**AVAILABLE DATA**
============================================================

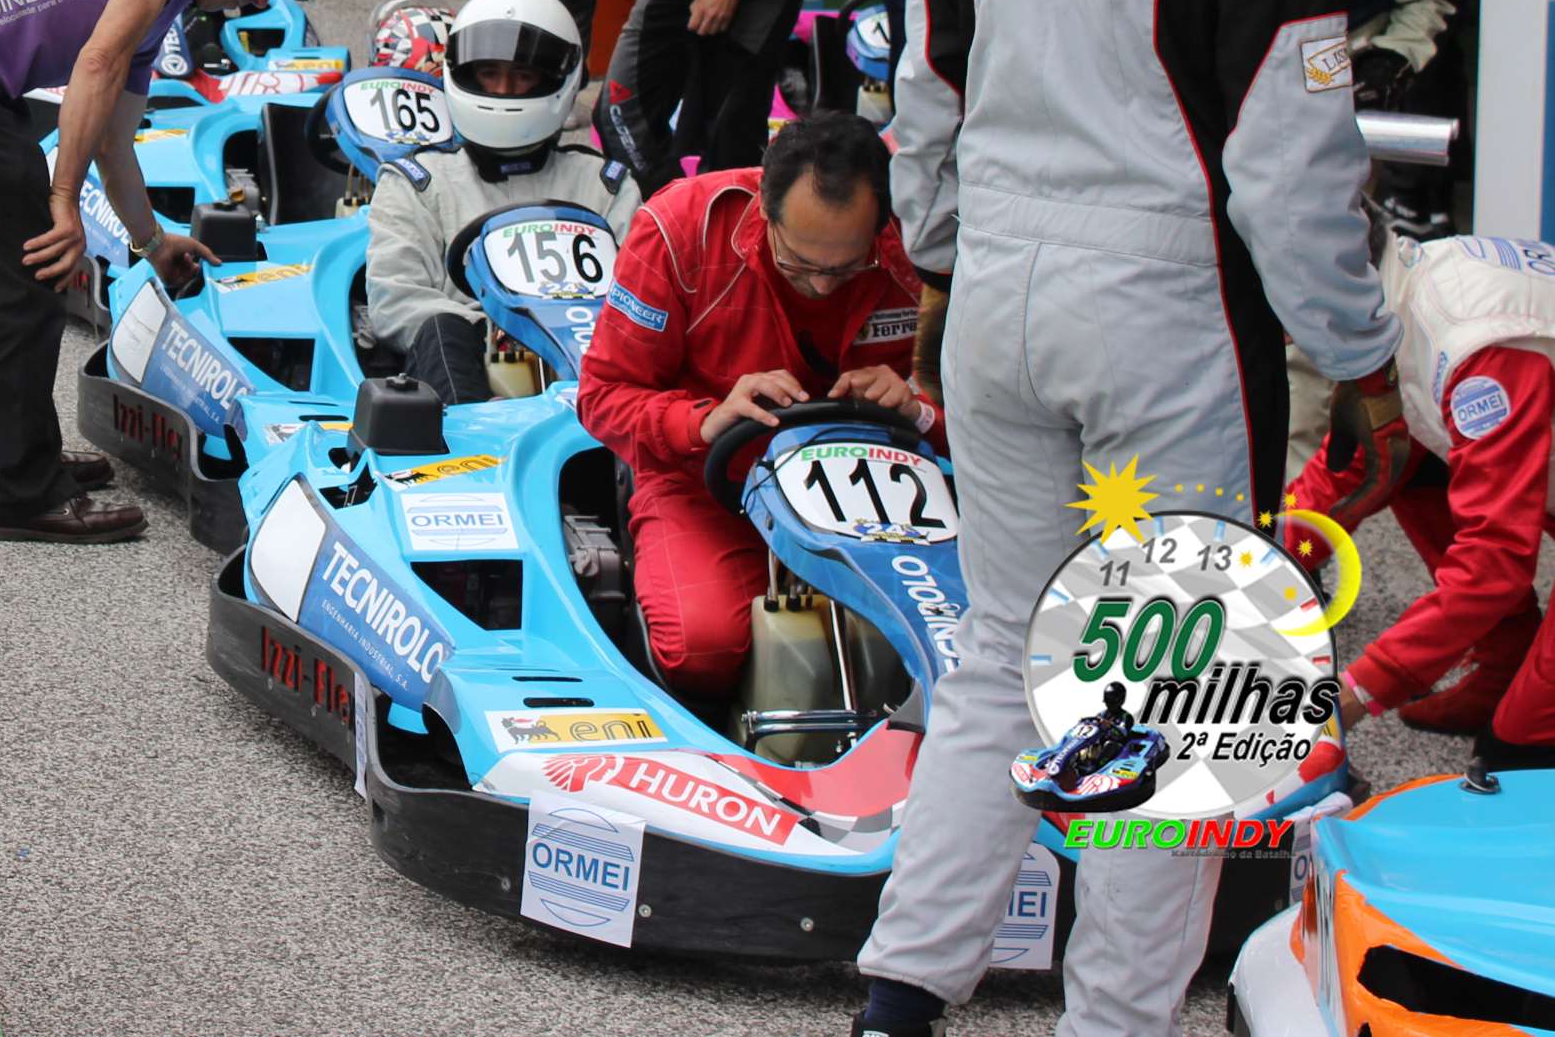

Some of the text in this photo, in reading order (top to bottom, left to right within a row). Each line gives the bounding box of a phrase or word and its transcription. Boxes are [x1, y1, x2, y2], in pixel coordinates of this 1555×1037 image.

[359, 80, 437, 94] EUROINDY
[369, 87, 440, 134] 165
[502, 223, 598, 239] EUROINDY
[506, 232, 604, 285] 156
[611, 286, 664, 324] PIONEER
[1457, 394, 1504, 423] ORMEI
[436, 454, 502, 477] eni
[801, 446, 924, 467] EUROINDY
[804, 458, 947, 529] 112
[410, 513, 505, 528] ORMEI
[568, 711, 656, 742] eni
[628, 763, 782, 838] HURON
[531, 841, 631, 893] ORMEI
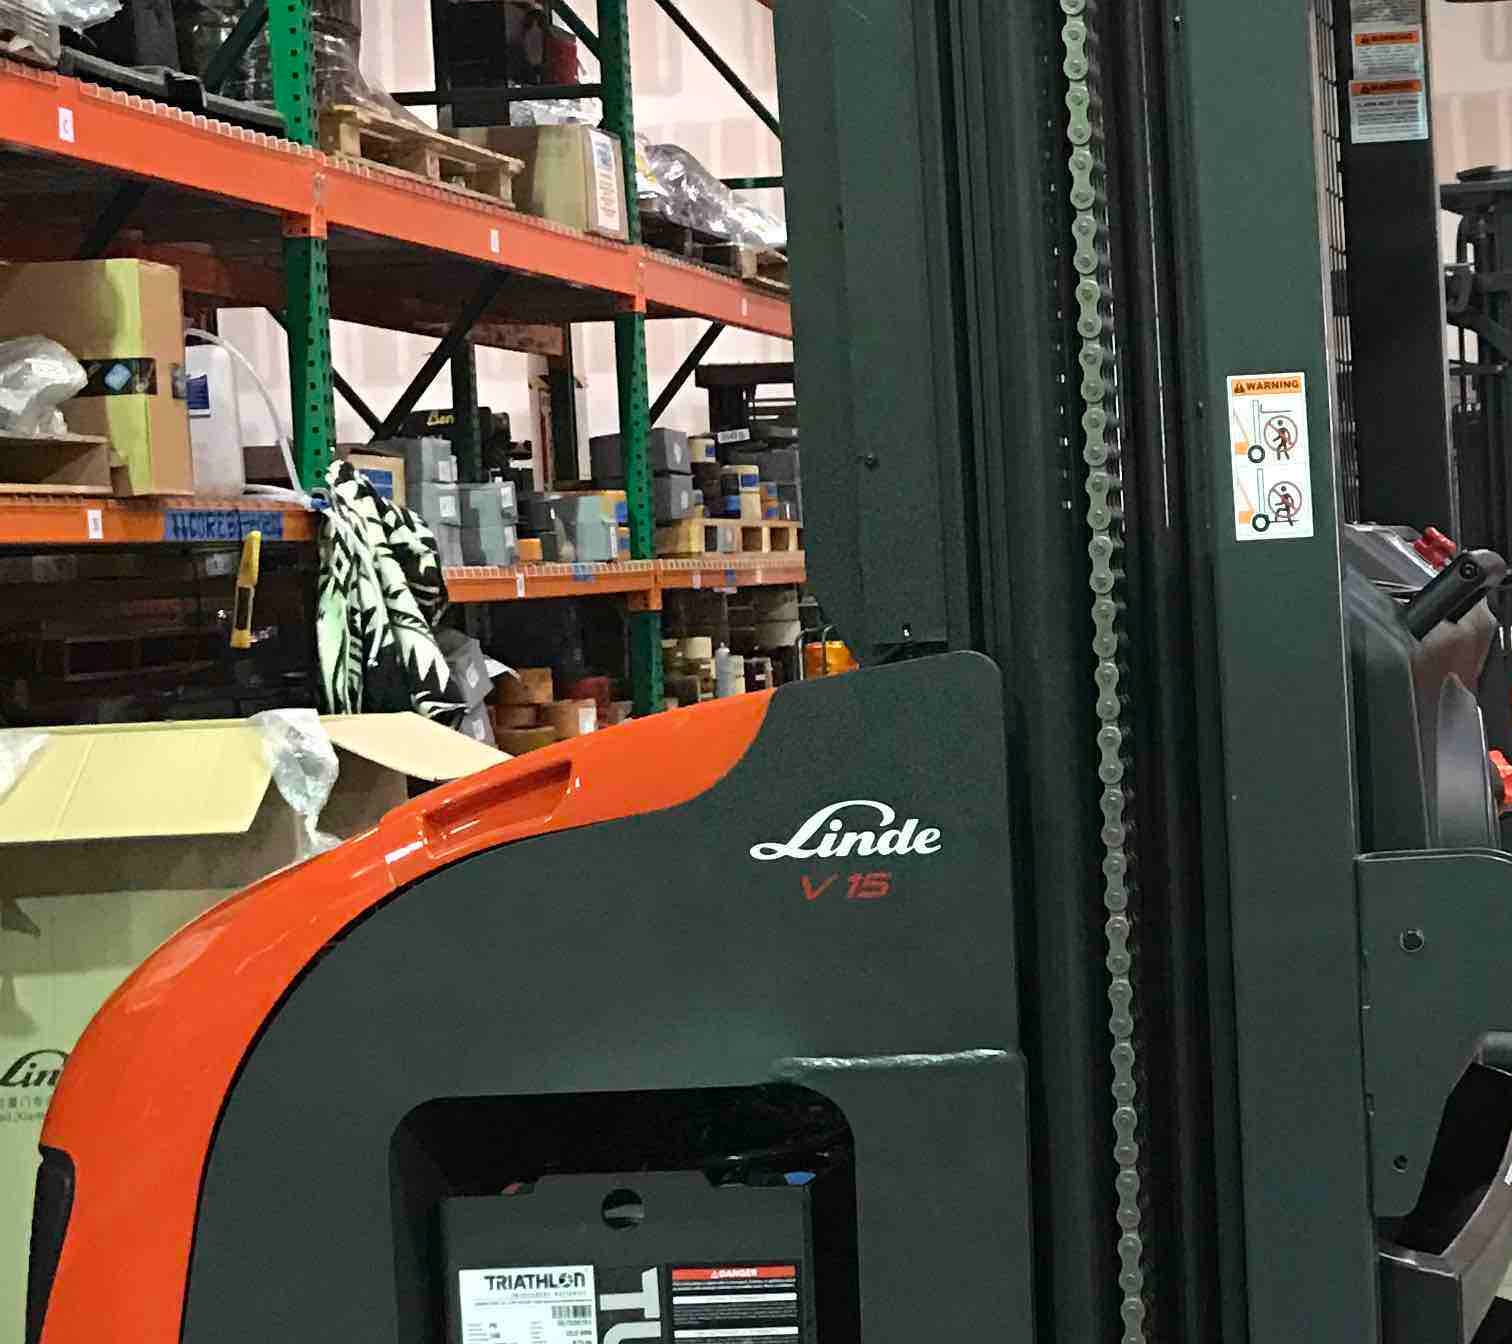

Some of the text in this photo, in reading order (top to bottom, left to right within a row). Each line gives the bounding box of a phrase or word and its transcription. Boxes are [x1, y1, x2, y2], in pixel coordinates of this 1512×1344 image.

[1246, 380, 1300, 391] WARNING
[749, 799, 942, 860] Linde
[800, 871, 892, 900] V 15
[0, 1049, 66, 1088] Lin
[484, 1272, 586, 1291] TRIATHLON
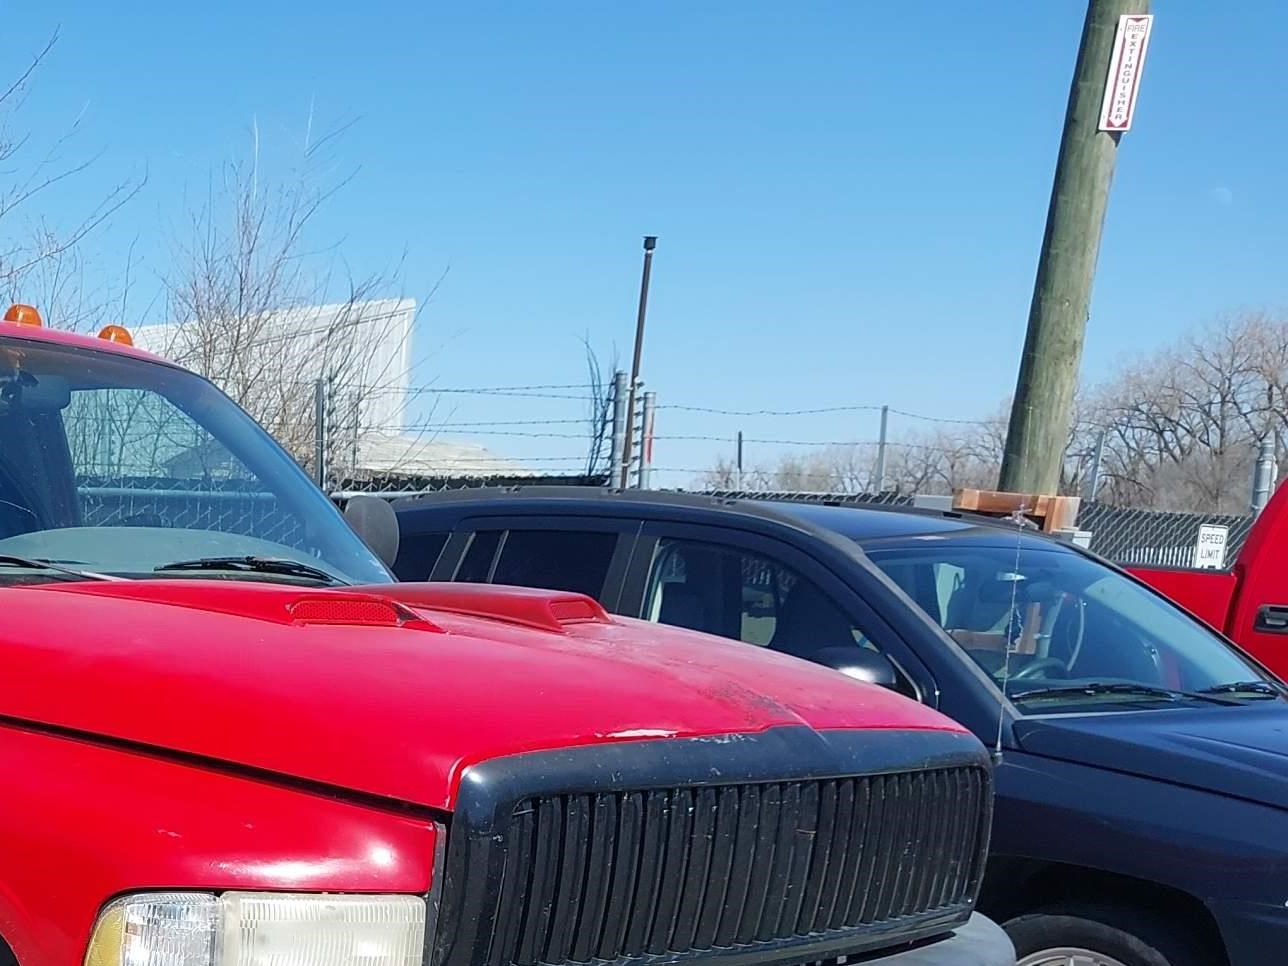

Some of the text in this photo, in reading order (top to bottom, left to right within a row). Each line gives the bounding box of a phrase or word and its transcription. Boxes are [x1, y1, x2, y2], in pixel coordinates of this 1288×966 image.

[1127, 24, 1146, 32] FIRE
[1115, 33, 1138, 120] EXTINGUISHER
[1201, 533, 1224, 545] SPEED
[1200, 548, 1220, 559] LIMIT
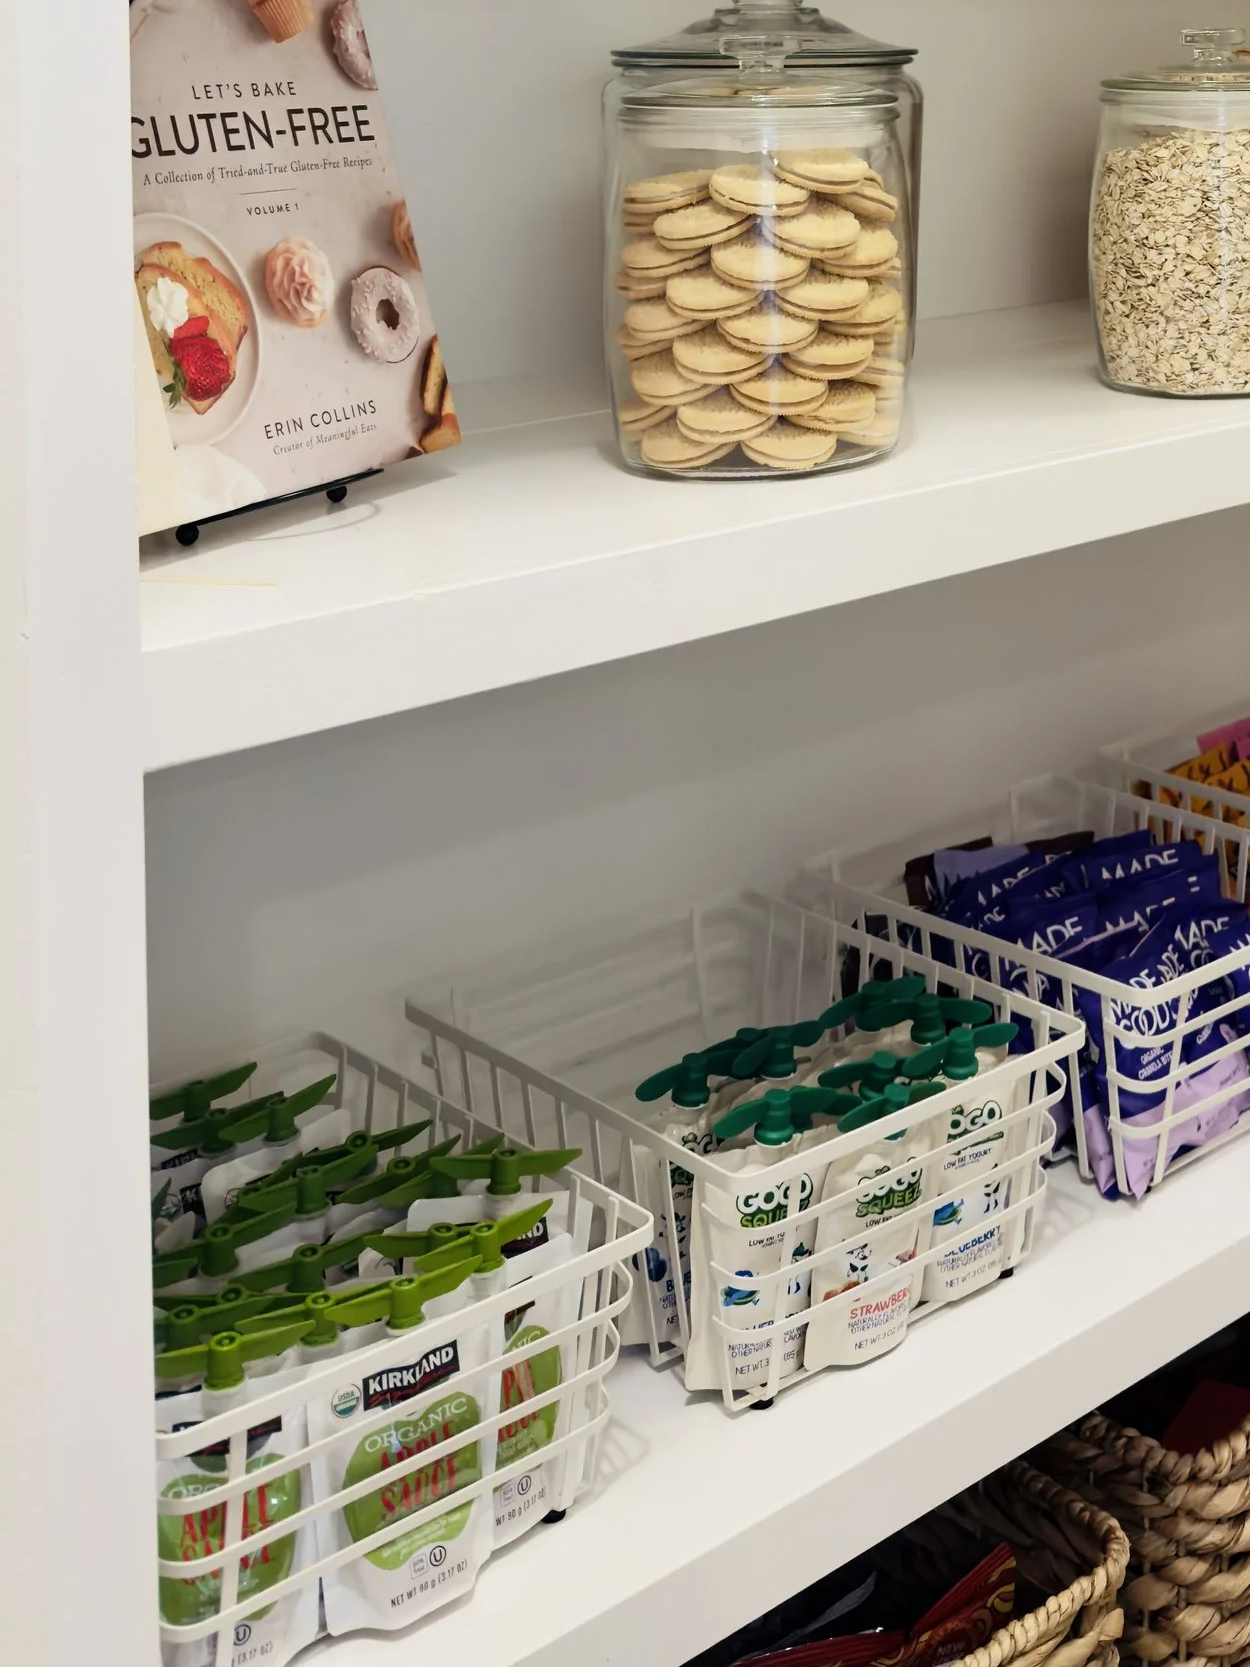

============================================================

**TASK DIRECTIONS**
Could you print the listing above word for word, without its pictures?

**TASK SOLUTION**
Some of the text in this photo, in reading order (top to bottom, left to right within a row). Each line gives the bounding box of a phrase or word and its transcription. Boxes are [x1, y1, x2, y2], in pixel coordinates of this 1555×1037 image.

[359, 80, 437, 94] EUROINDY
[369, 87, 440, 134] 165
[502, 223, 598, 239] EUROINDY
[506, 232, 604, 285] 156
[611, 286, 664, 324] PIONEER
[1457, 394, 1504, 423] ORMEI
[436, 454, 502, 477] eni
[801, 446, 924, 467] EUROINDY
[804, 458, 947, 529] 112
[410, 513, 505, 528] ORMEI
[568, 711, 656, 742] eni
[628, 763, 782, 838] HURON
[531, 841, 631, 893] ORMEI

Some of the text in this photo, in reading order (top to bottom, left to right within a row). Each line gives the bounding box of a phrase or word and its transcription. Boxes are [x1, y1, x2, y2], in pixel coordinates of this 1512×1344 image.

[1246, 380, 1300, 391] WARNING
[749, 799, 942, 860] Linde
[800, 871, 892, 900] V 15
[0, 1049, 66, 1088] Lin
[484, 1272, 586, 1291] TRIATHLON

Some of the text in this photo, in reading order (top to bottom, left to right within a row). Each line gives the bounding box of a phrase or word and its transcription. Boxes are [x1, y1, x2, y2], in pixel coordinates of this 1288×966 image.

[1127, 24, 1146, 32] FIRE
[1115, 33, 1138, 120] EXTINGUISHER
[1201, 533, 1224, 545] SPEED
[1200, 548, 1220, 559] LIMIT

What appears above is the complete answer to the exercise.